In spring 2019 Castillo resumed her studies to complete her B.S. in Physics and Math.
She had originally thought to return to MSU, but after speaking with the acting chairperson of RU-N's Physics department, Professor Michele Pavanello, Castillo decided to transfer her credits to the School of Arts & Sciences–Newark (SASN) and hit the ground running: In one short year, she’s done research on shock dynamics in the lab of Professor Claudiu Stan, worked as a Learning Assistant for Professor Sheehan Ahmed’s Physics I and II courses, serves as president of RU-N's Physics Club, and won the Betty Skuse Thompson Prize in Physics for the 2019–2020 academic year for outstanding achievement in the department.
Castillo also recently won a coveted spot in California Institute of Technology’s WAVE Fellows summer research program, which fosters diversity by increasing the participation of underrepresented students in science and engineering Ph.D. programs. For 10 weeks this summer, she’s doing remote research on fluid mechanics with Professor Beverley McKeon of Caltech's Aerospace Engineering department, studying turbulent flows and working on numerical analysis and data visualization.

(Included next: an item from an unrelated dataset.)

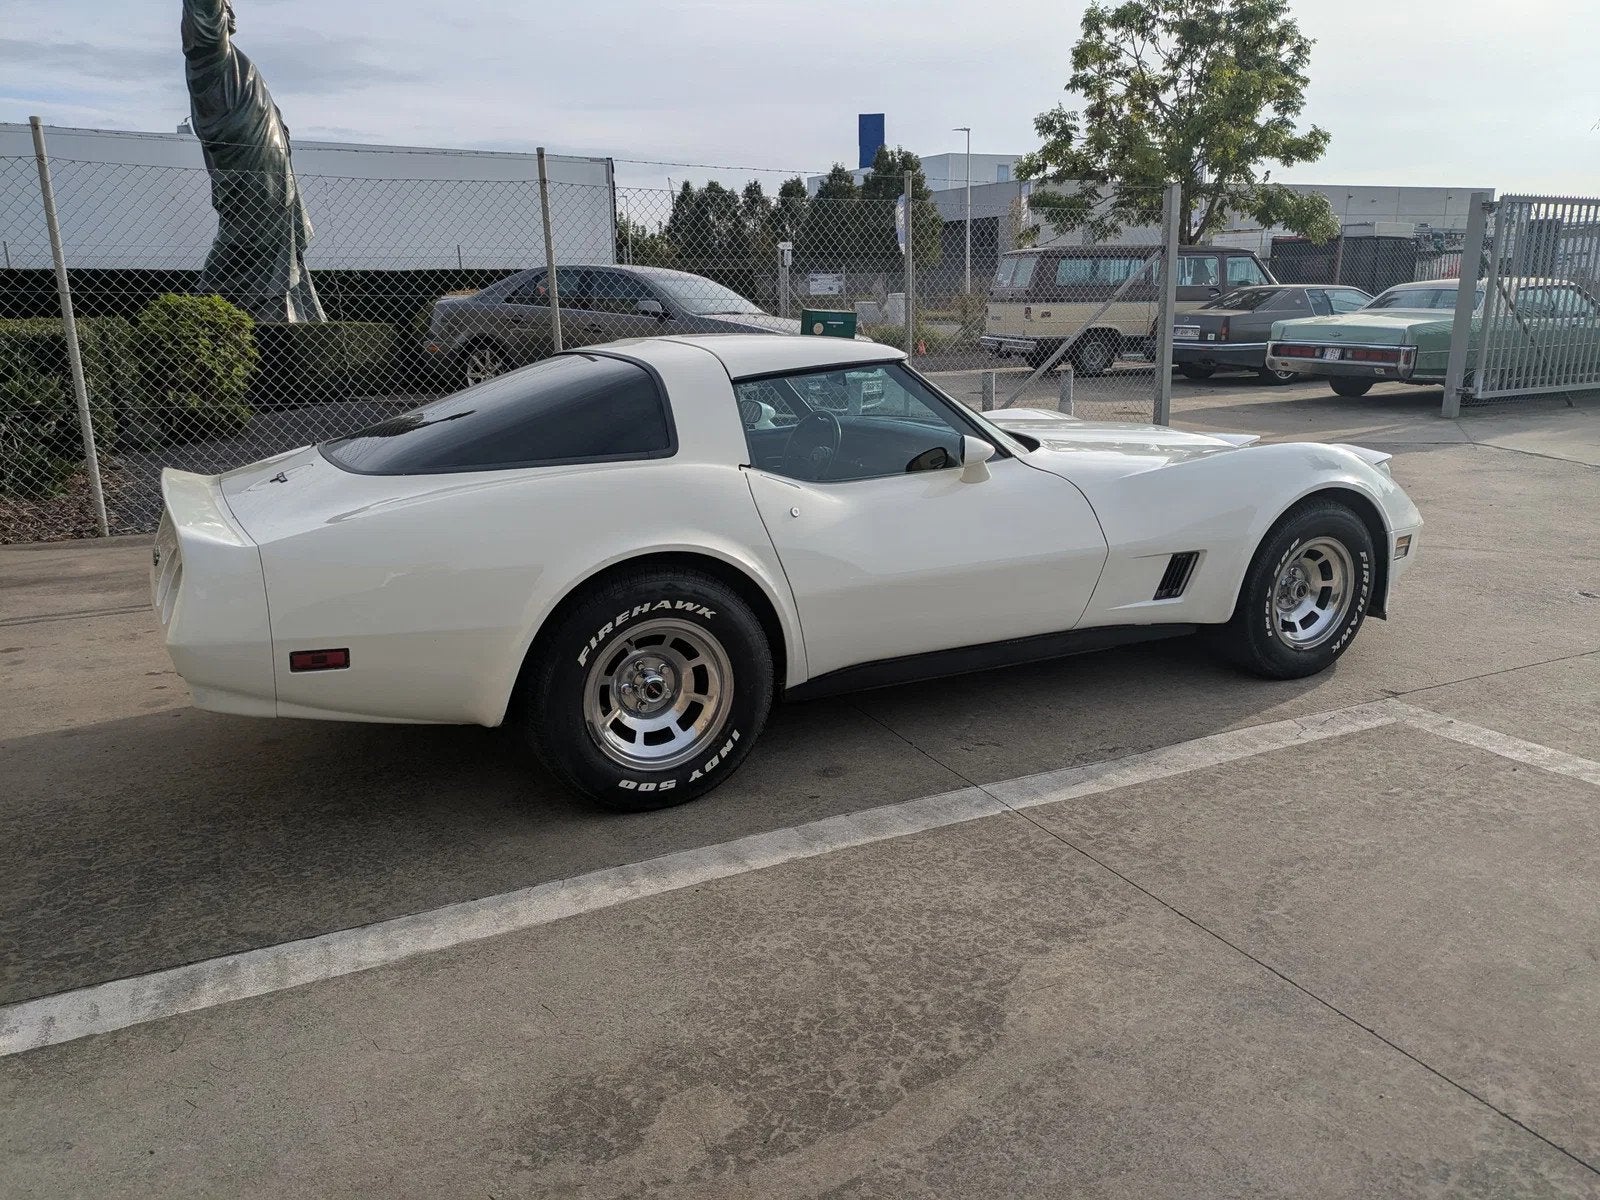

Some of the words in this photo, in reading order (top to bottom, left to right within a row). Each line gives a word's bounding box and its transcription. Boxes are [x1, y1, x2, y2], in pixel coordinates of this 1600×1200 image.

Castillo is grateful for the support she’s received at RU-N and feels she’s found a home here. She’s also an evangelist for the Physics department, trying to attract more female students to the major.
“The professors at RU-N have been wonderful. They’ve welcomed me with open arms and are always ready to help me with another opportunity,” said Castillo. “I also managed to talk three female students into attending the most recent Women in Physics conference. I always say, ‘Math is the language of the world, and Physics is the storyteller.’ Hopefully, I’ll be able to convert more girls while I’m here.”